DATASET CONTENT Block Start

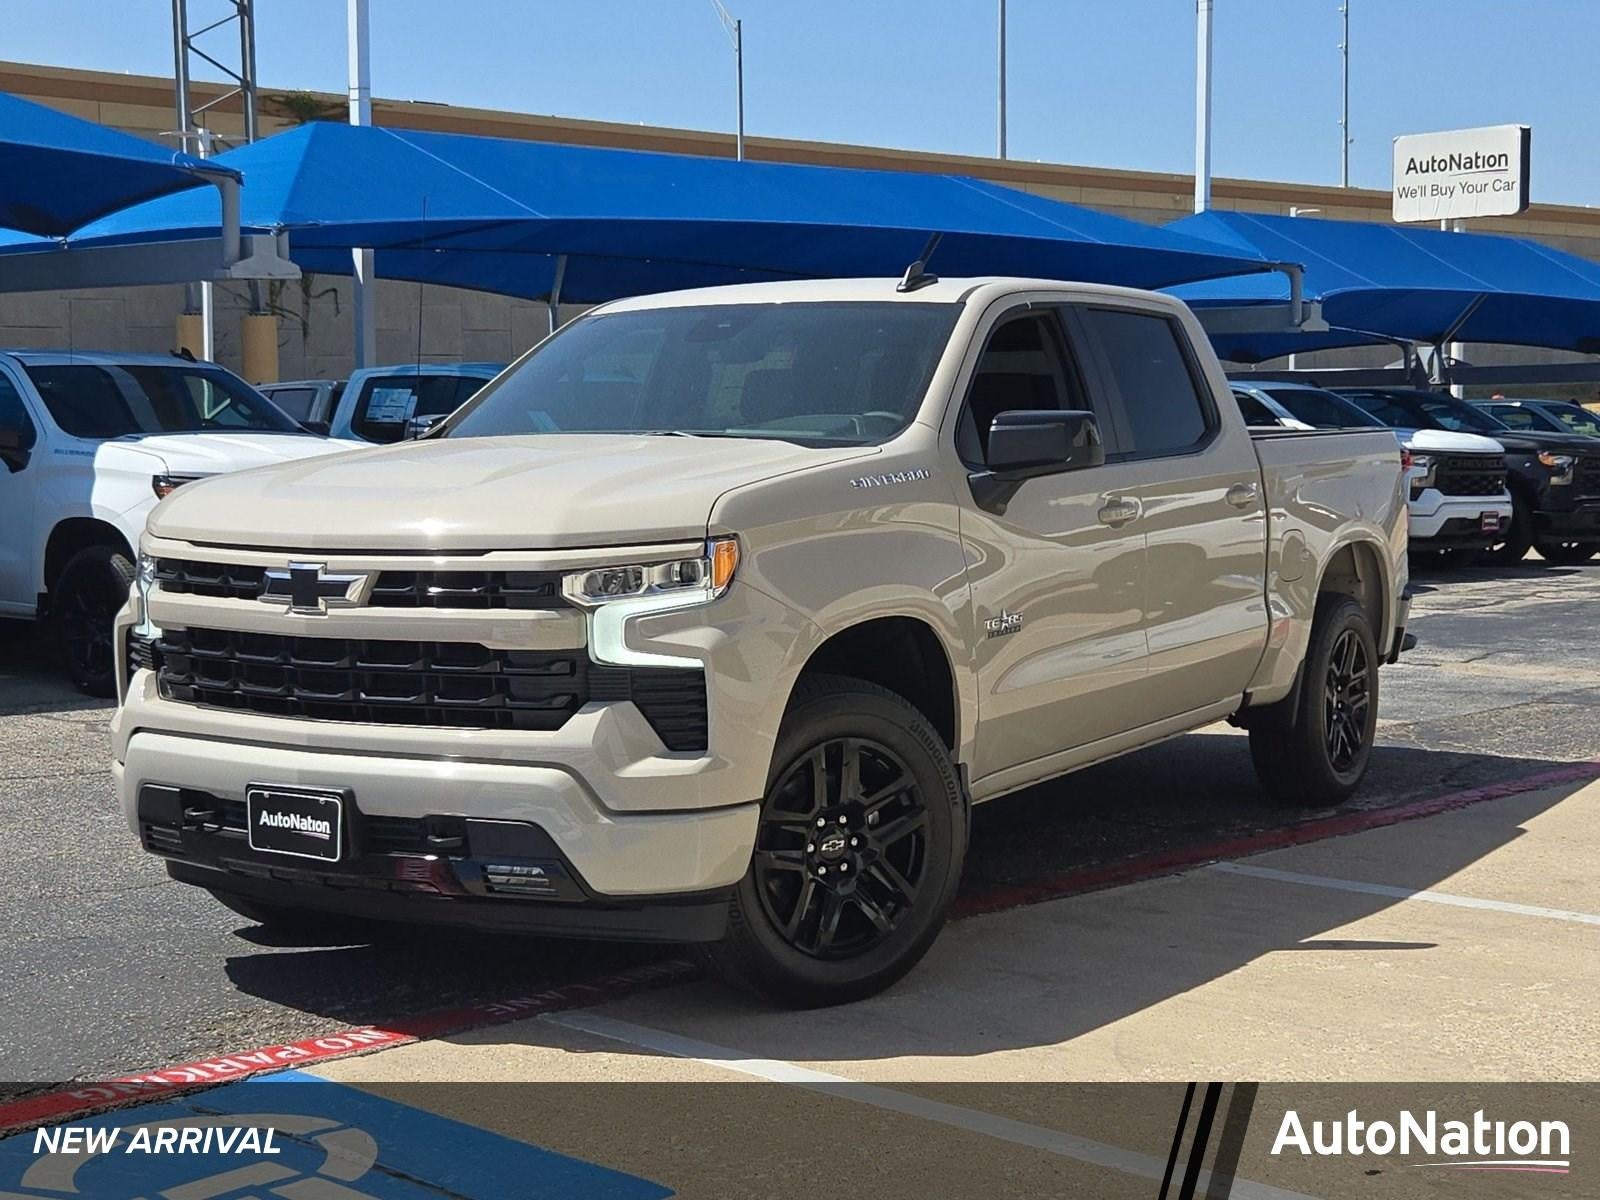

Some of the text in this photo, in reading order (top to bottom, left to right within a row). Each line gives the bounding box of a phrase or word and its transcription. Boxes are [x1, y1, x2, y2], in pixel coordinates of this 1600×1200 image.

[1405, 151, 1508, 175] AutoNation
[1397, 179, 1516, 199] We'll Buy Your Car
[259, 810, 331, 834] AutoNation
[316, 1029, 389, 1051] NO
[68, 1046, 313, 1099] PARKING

DATASET CONTENT Block End

**ASSIGNMENT**
Repeat every entry above exactly; images stay out of the copy.

**RESPONSE TO THIS EXERCISE**
Some of the text in this photo, in reading order (top to bottom, left to right within a row). Each line gives the bounding box of a phrase or word and its transcription. Boxes are [x1, y1, x2, y2], in pixel coordinates of this 1600×1200 image.

[1405, 151, 1508, 175] AutoNation
[1397, 179, 1516, 199] We'll Buy Your Car
[259, 810, 331, 834] AutoNation
[316, 1029, 389, 1051] NO
[68, 1046, 313, 1099] PARKING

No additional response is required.